You sustained us through the hamburger years. The first apartment furnished in Early Poverty... our first mode of transportation (1955 feet)... the 7-inch TV set we paid on for 36 months.

You wore new, had unused grandparents and more clothes than a Barbie doll. You were the "original model" for unsure parents trying to work the bugs out. You got the strained lamb, open pins and three-hour naps.

You were the beginning.

To the middle child...
I've always loved you the best because you drew the dumb spot in the family and it made you stronger for it.

You cried less, had more patience, wore faded and never in your life did anything "first," but it only made you more special.
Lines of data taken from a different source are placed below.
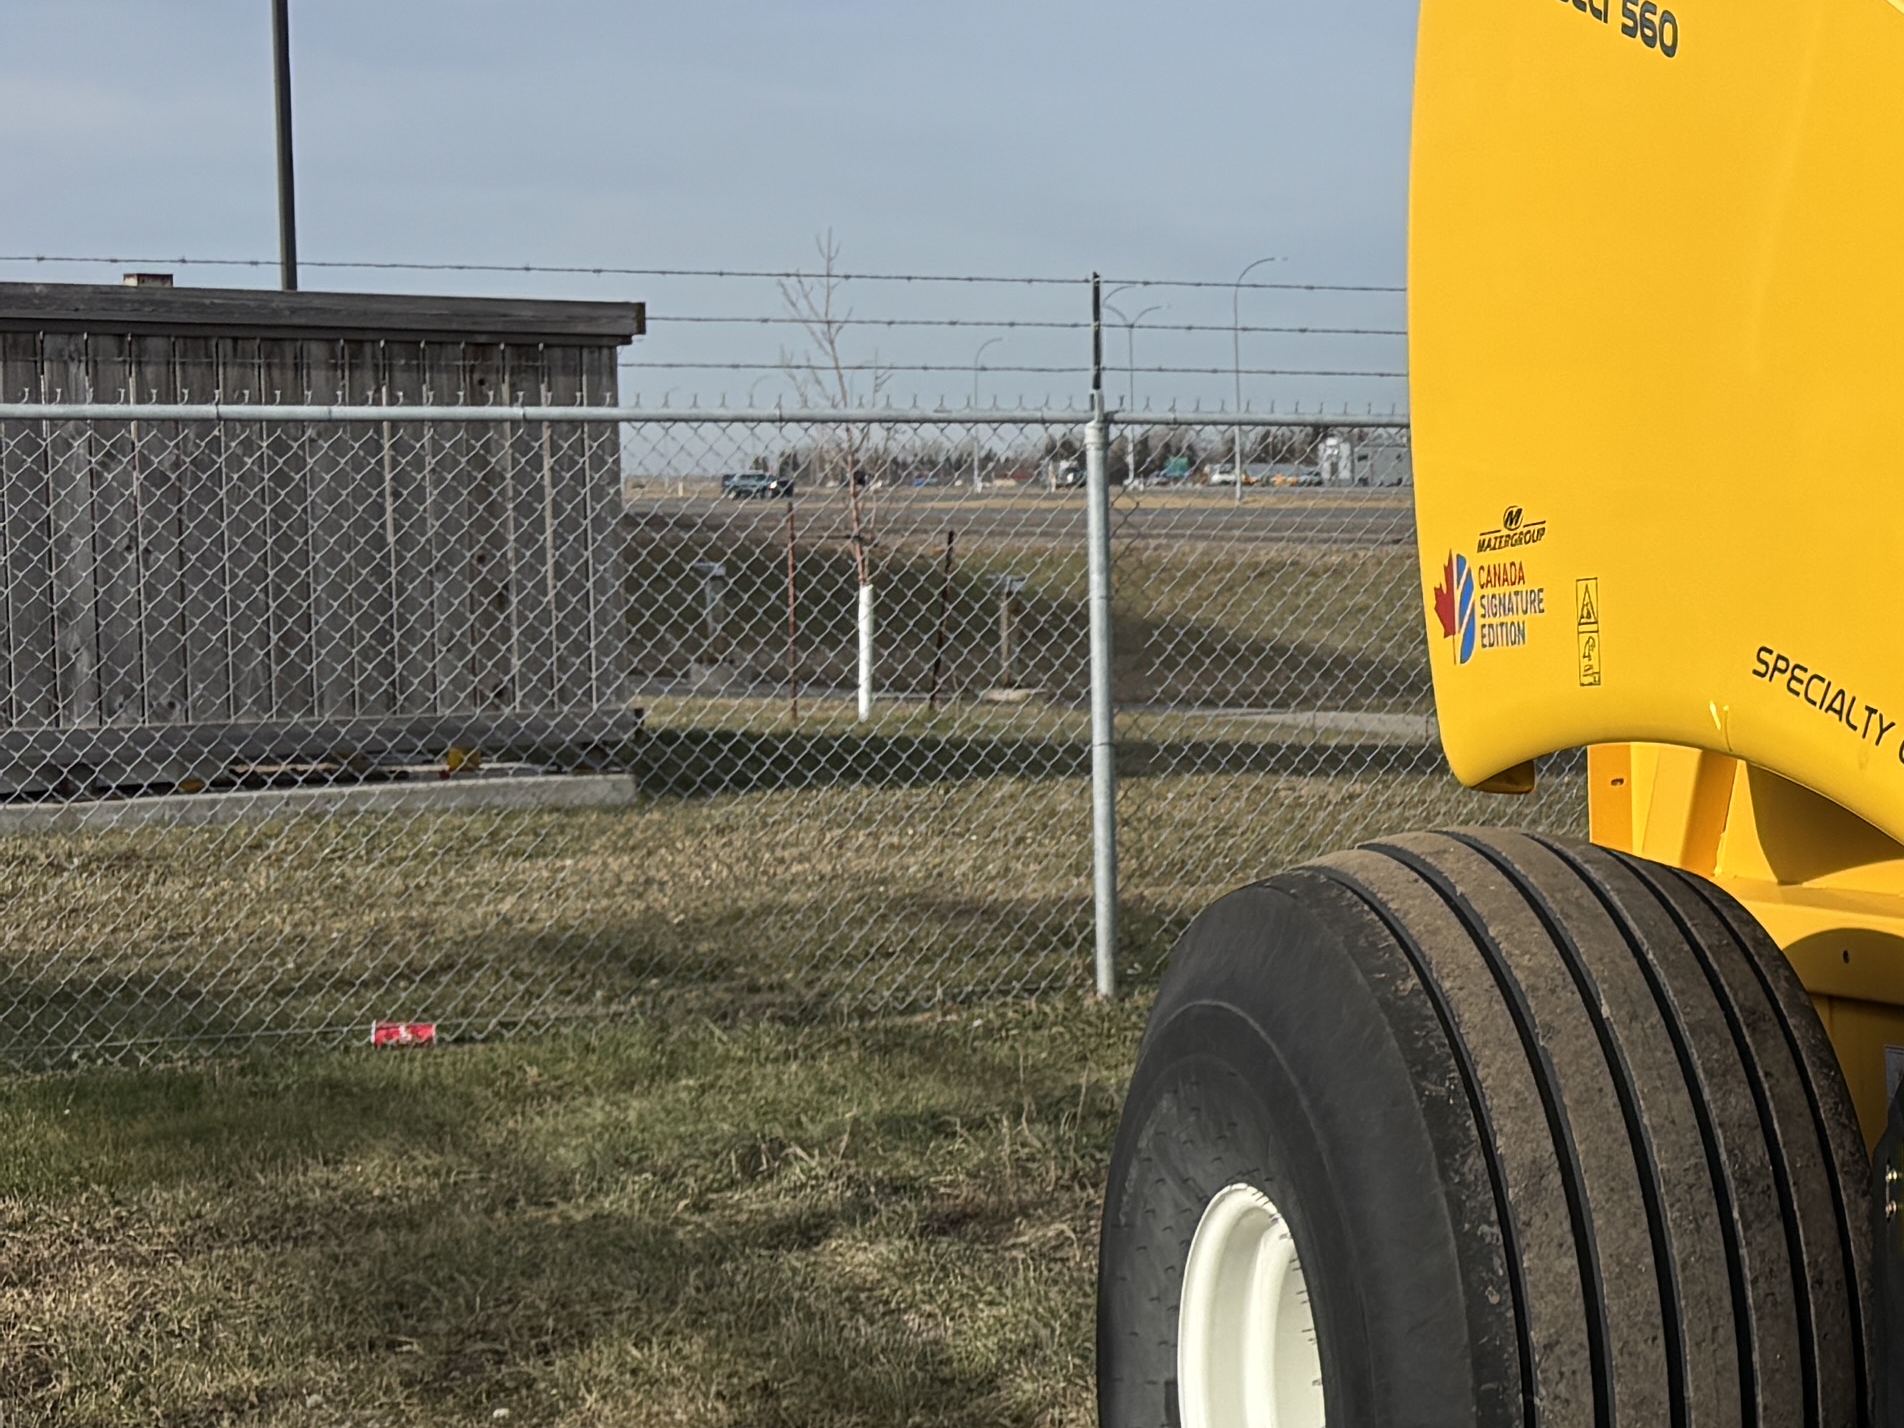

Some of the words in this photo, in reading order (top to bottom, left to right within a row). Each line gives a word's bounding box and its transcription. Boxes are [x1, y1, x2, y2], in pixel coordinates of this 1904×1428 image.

[1477, 527, 1546, 553] MAZERGROUP
[1478, 560, 1526, 590] CANADA
[1480, 587, 1545, 619] SIGNATURE
[1480, 620, 1526, 649] EDITION
[1752, 645, 1896, 747] SPECIALTY
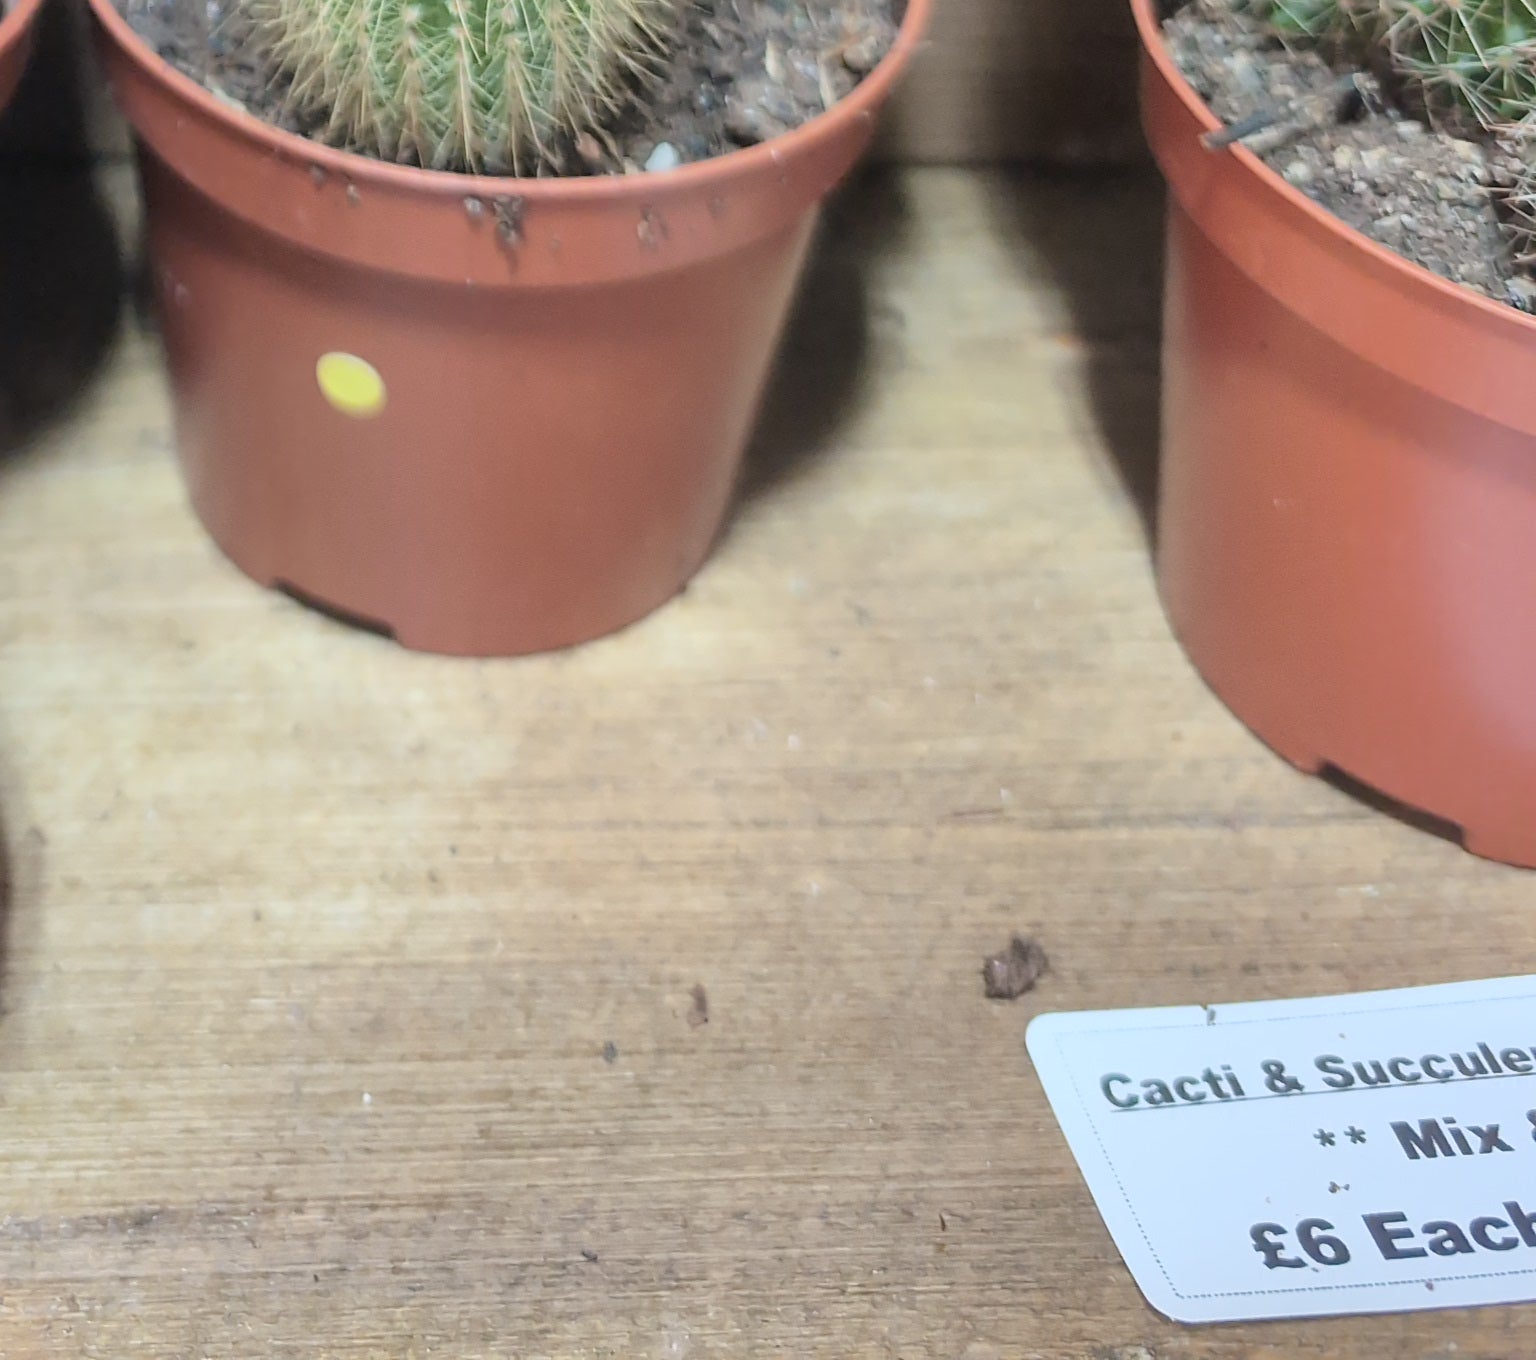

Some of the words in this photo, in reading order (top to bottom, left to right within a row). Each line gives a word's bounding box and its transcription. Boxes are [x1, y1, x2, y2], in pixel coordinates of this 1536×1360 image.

[1100, 1065, 1245, 1109] Cacti
[1260, 1060, 1305, 1094] &
[1314, 1042, 1536, 1089] Succule
[1389, 1116, 1515, 1160] Mix
[1249, 1218, 1351, 1269] £6
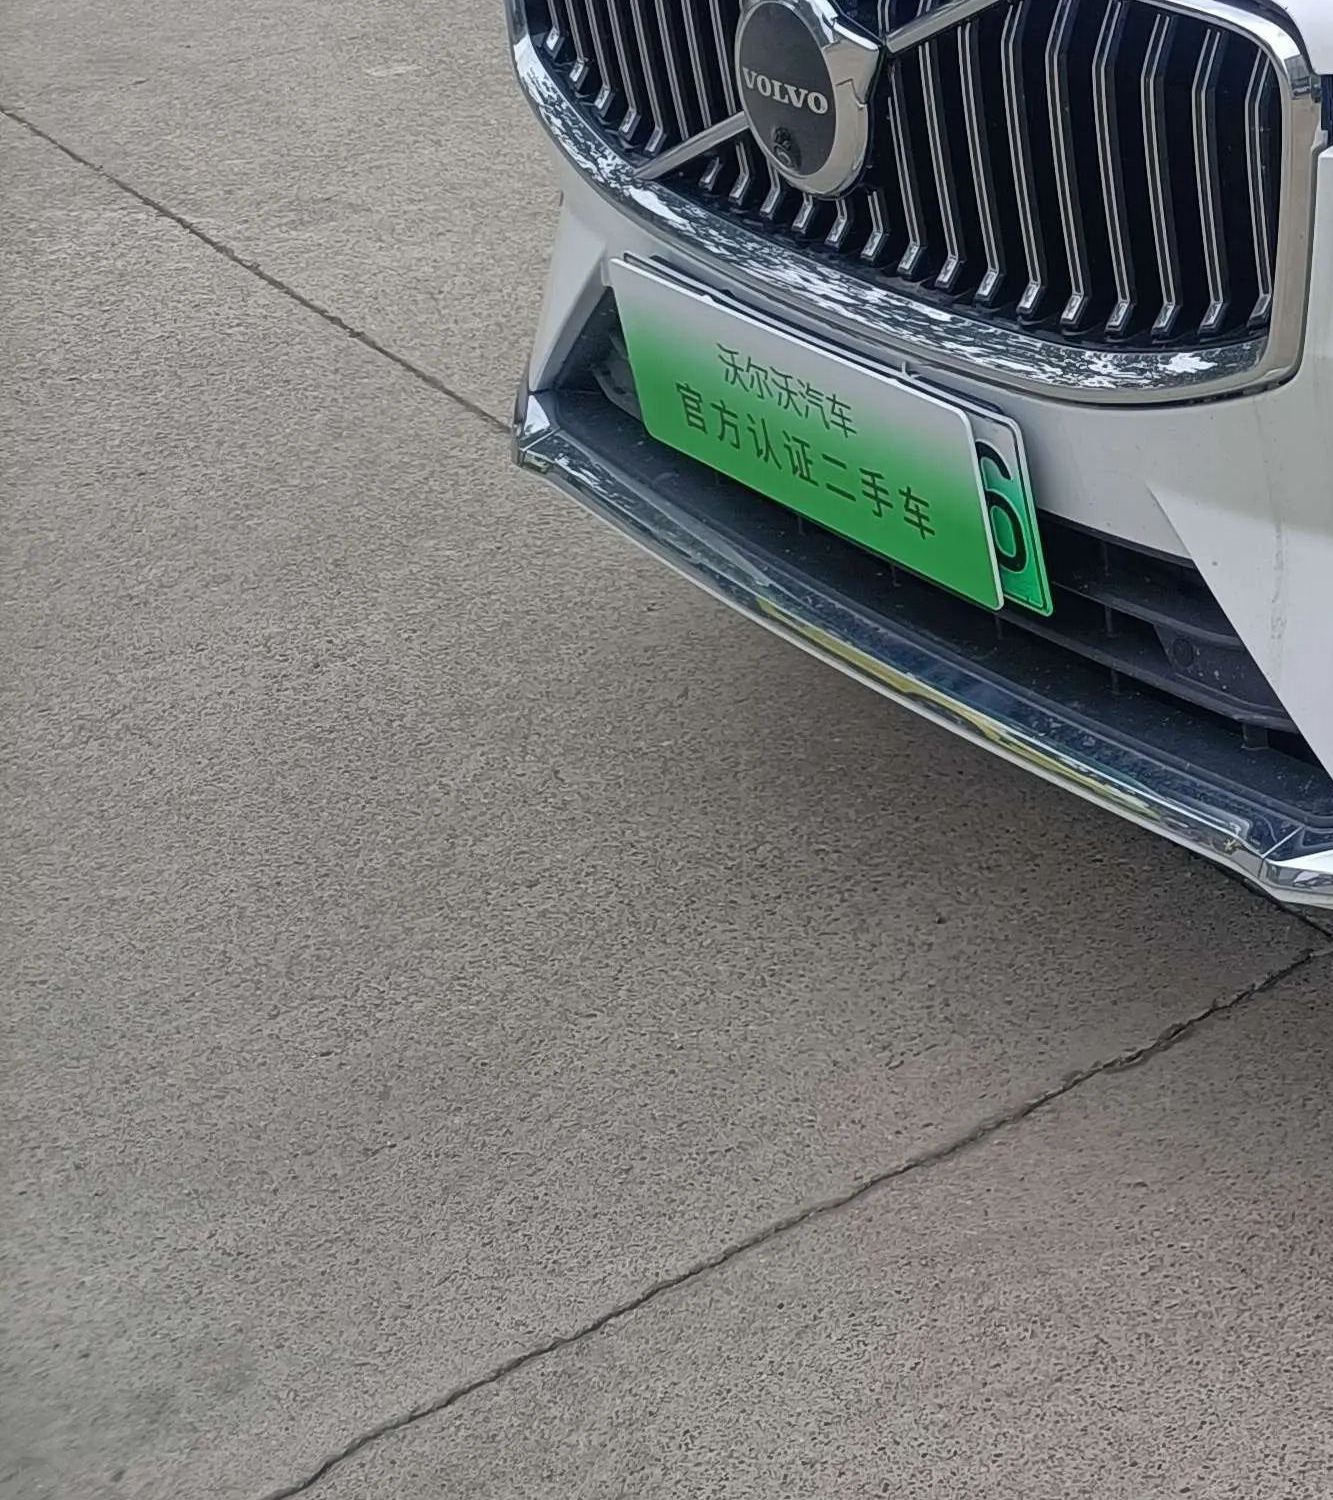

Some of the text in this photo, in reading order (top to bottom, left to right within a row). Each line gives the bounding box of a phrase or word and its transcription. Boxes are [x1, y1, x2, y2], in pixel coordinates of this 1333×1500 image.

[742, 67, 829, 115] VOLVO
[716, 342, 858, 439] 沃尔沃汽车
[675, 382, 936, 541] 官方认证二手车
You are the one we relaxed with and realized a dog could kiss you and you wouldn't get sick. You could cross the street by yourself long before you were old enough to get married, and the world wouldn't come to an end if you went to bed with dirty feet.

You were the continuance.

To the baby...
I've always loved you the best because endings generally are sad and you are such a joy. You readily accepted milk stained bibs. The lower bunk. The cracked baseball bat. The baby book, barren but for a recipe for graham pie crust that someone jammed between the pages.

You are the one we held onto so tightly. For, you see, you are the link with the past that gives a reason to tomorrow. You darken our hair, quicken our steps, square our shoulders, restore our vision, and give us humor that security and maturity can't give us.

When your hairline takes on the shape of Lake Erie and your children tower over you, you will still be "the baby."

You were the culmination.”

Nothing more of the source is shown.